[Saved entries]

[Start of section]

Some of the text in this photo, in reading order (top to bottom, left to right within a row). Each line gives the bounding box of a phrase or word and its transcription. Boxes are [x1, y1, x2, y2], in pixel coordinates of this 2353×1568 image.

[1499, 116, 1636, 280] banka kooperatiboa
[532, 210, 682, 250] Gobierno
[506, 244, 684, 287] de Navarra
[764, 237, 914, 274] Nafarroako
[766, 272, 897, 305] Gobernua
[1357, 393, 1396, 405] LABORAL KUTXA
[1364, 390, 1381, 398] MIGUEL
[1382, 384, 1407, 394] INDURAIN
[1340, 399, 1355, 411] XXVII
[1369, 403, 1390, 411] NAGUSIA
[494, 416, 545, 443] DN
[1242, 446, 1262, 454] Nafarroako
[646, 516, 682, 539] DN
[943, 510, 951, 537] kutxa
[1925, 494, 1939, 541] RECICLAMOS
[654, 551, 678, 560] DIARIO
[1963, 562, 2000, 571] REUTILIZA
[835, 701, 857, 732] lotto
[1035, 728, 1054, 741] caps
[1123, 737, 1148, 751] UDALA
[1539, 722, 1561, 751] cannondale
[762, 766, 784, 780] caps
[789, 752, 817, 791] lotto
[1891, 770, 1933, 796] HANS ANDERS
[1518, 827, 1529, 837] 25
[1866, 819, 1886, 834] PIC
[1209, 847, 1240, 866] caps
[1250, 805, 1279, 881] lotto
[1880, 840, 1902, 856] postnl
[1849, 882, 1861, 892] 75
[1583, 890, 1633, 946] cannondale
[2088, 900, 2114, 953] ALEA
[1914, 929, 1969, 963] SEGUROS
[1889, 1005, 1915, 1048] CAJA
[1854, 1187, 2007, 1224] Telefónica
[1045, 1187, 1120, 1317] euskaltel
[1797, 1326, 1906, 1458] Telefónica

[End of section]

◆ Exercise description:
Would you copy out all the entries above without changing a single character?

◆ Output of the task:
Some of the text in this photo, in reading order (top to bottom, left to right within a row). Each line gives the bounding box of a phrase or word and its transcription. Boxes are [x1, y1, x2, y2], in pixel coordinates of this 2353×1568 image.

[1499, 116, 1636, 280] banka kooperatiboa
[532, 210, 682, 250] Gobierno
[506, 244, 684, 287] de Navarra
[764, 237, 914, 274] Nafarroako
[766, 272, 897, 305] Gobernua
[1357, 393, 1396, 405] LABORAL KUTXA
[1364, 390, 1381, 398] MIGUEL
[1382, 384, 1407, 394] INDURAIN
[1340, 399, 1355, 411] XXVII
[1369, 403, 1390, 411] NAGUSIA
[494, 416, 545, 443] DN
[1242, 446, 1262, 454] Nafarroako
[646, 516, 682, 539] DN
[943, 510, 951, 537] kutxa
[1925, 494, 1939, 541] RECICLAMOS
[654, 551, 678, 560] DIARIO
[1963, 562, 2000, 571] REUTILIZA
[835, 701, 857, 732] lotto
[1035, 728, 1054, 741] caps
[1123, 737, 1148, 751] UDALA
[1539, 722, 1561, 751] cannondale
[762, 766, 784, 780] caps
[789, 752, 817, 791] lotto
[1891, 770, 1933, 796] HANS ANDERS
[1518, 827, 1529, 837] 25
[1866, 819, 1886, 834] PIC
[1209, 847, 1240, 866] caps
[1250, 805, 1279, 881] lotto
[1880, 840, 1902, 856] postnl
[1849, 882, 1861, 892] 75
[1583, 890, 1633, 946] cannondale
[2088, 900, 2114, 953] ALEA
[1914, 929, 1969, 963] SEGUROS
[1889, 1005, 1915, 1048] CAJA
[1854, 1187, 2007, 1224] Telefónica
[1045, 1187, 1120, 1317] euskaltel
[1797, 1326, 1906, 1458] Telefónica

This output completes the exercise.